Copyright (C) 2010 S. Karger AG, Basel”
“We tested the hypothesis that oxidized low-density lipoprotein (oxLDL)-induced click here inactivation of Akt within endothelial progenitor cells (EPCs) is mediated at the level of Phosphoinositide 3-kinase (PI3K), specifically by nitrosylation of the p85 subunit of PI3K, and that this action is critical in provoking oxLDL-induced EPC apoptosis. Hypercholesterolemic ApoE null mice had a significant reduction of the phosphorylated Akt (p-Akt)/Akt ratio in EPCs, as
well as a greater percentage of apoptosis in these cells than EPCs isolated from wild-type (WT) C57Bl/6 mice. EPCs were isolated from WT spleen and exposed to oxLDL in vitro. oxLDL increased O(2)(-) and Selleckchem BVD-523 H(2)O(2) in these cells and induced a dose-and time-dependent reduction in the p-Akt/Akt ratio and increase in EPC apoptosis. These effects were significantly reduced by the antioxidants superoxide dismutase, L-NAME, epicatechin and FeTPPs. oxLDL also induced nitrosylation of the p85 subunit of PI3K and subsequent dissociation of the p85 and p110 subunits, an effect significantly reduced by all the antioxidant agents tested. EPC transfection with a constitutively active Akt isoform (Ad-myrAkt)

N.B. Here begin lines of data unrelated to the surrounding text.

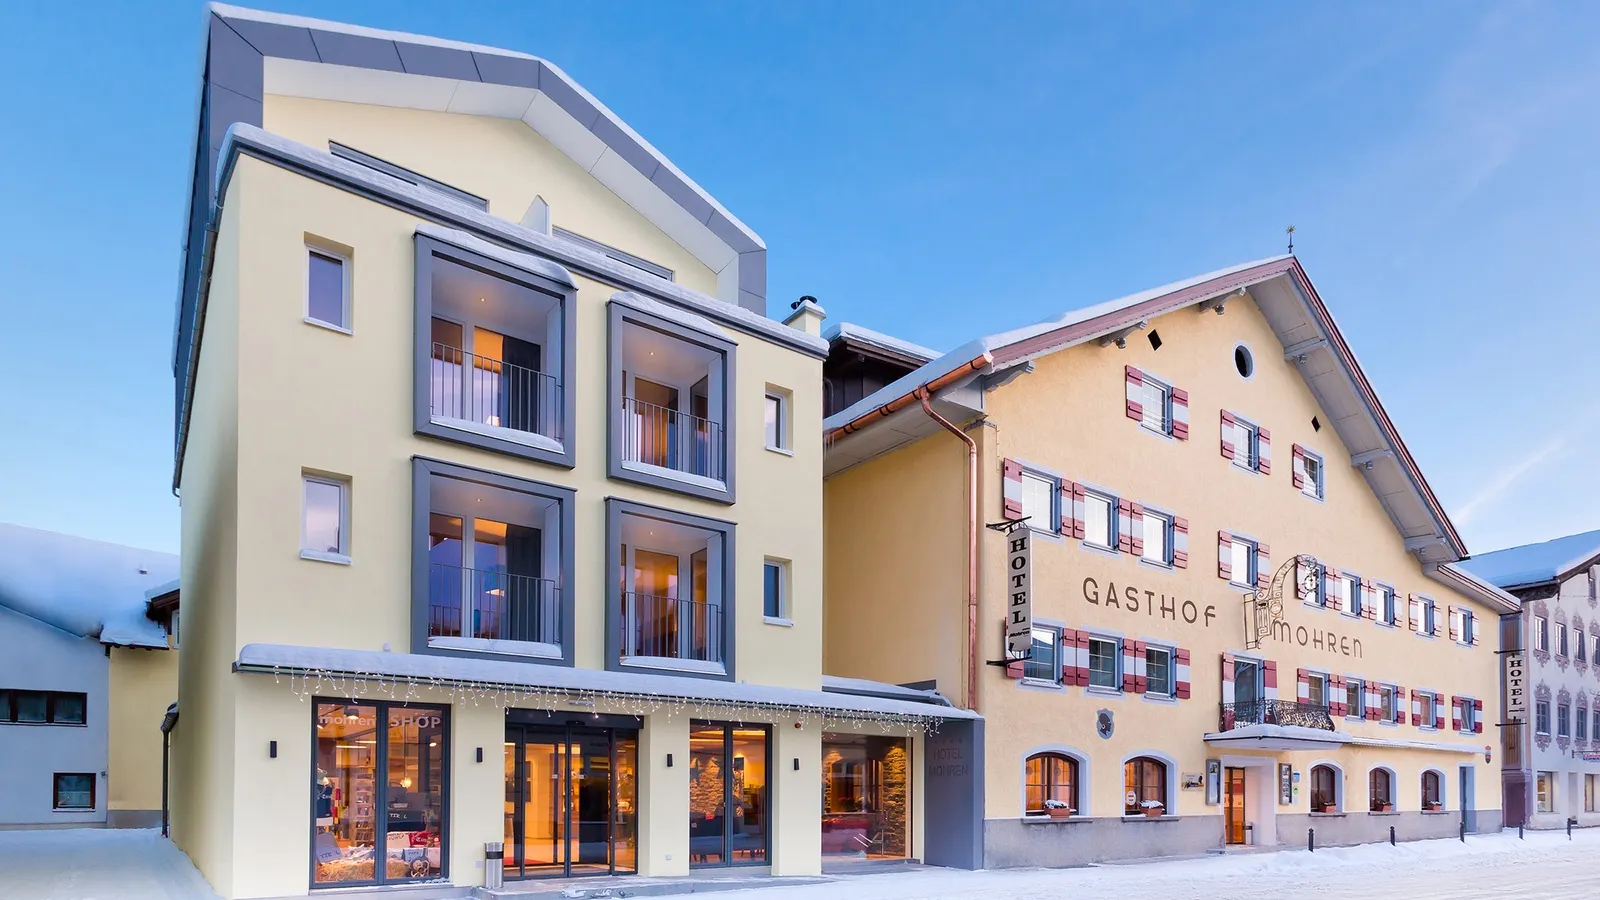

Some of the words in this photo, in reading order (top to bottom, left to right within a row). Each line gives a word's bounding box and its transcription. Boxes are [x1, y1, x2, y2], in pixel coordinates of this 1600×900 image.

[1010, 537, 1027, 625] HOTEL
[1082, 577, 1217, 627] GASTHOF
[1272, 620, 1363, 658] MOHREN
[1509, 660, 1523, 706] HOTEL
[390, 715, 441, 729] SHOP
[928, 763, 968, 777] MOHREN
[933, 747, 964, 760] HOTEL

significantly reduced oxLDL-induced apoptosis of WT EPCs. The present findings indicate that oxLDL disrupts the PI3K/Akt signaling pathway at the level of p85 in EPCs. This dysfunction can be reversed by ex vivo antioxidant therapy. Copyright (C) 2010 S. Karger AG, Basel”

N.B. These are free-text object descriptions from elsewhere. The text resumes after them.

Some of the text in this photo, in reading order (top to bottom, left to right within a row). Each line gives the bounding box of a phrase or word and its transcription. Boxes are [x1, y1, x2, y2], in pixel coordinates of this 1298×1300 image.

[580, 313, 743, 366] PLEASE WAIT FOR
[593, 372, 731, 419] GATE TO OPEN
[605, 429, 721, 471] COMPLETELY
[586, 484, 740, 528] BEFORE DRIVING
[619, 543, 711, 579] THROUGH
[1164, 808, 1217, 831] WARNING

“Background/Aims: Aminopeptidase P (APP) is specifically enriched in caveolae on the luminal surface of pulmonary vascular endothelium. APP antibodies bind lung endothelium in vivo and are rapidly and actively pumped across the endothelium into lung tissue. Here we characterize the immunotargeting properties and pharmacokinetics of the APP-specific recombinant antibody 833c. Methods: We used in situ binding, biodistribution analysis and in vivo imaging to assess the lung targeting of 833c. Results: HSP90 More
than 80% of 833c bound during the first pass through isolated perfused lungs. Dynamic SPECT acquisition showed that 833c rapidly and specifically targeted the lungs in vivo, reaching maximum levels within 2 min after intravenous injection. CT-SPECT imaging revealed specific targeting of 833c to the thoracic cavity and co-localization with a lung perfusion marker, Tc99m-labeled macroaggregated albumin. Biodistribution analysis confirmed lung-specific uptake of 833c which declined by first-order kinetics (t(1/2) = 110 h) with significant levels of 833c still present 30 days after injection. Conclusion: These data show that APP expressed in endothelial caveolae appears to be readily accessible to circulating antibody rather specifically in lung.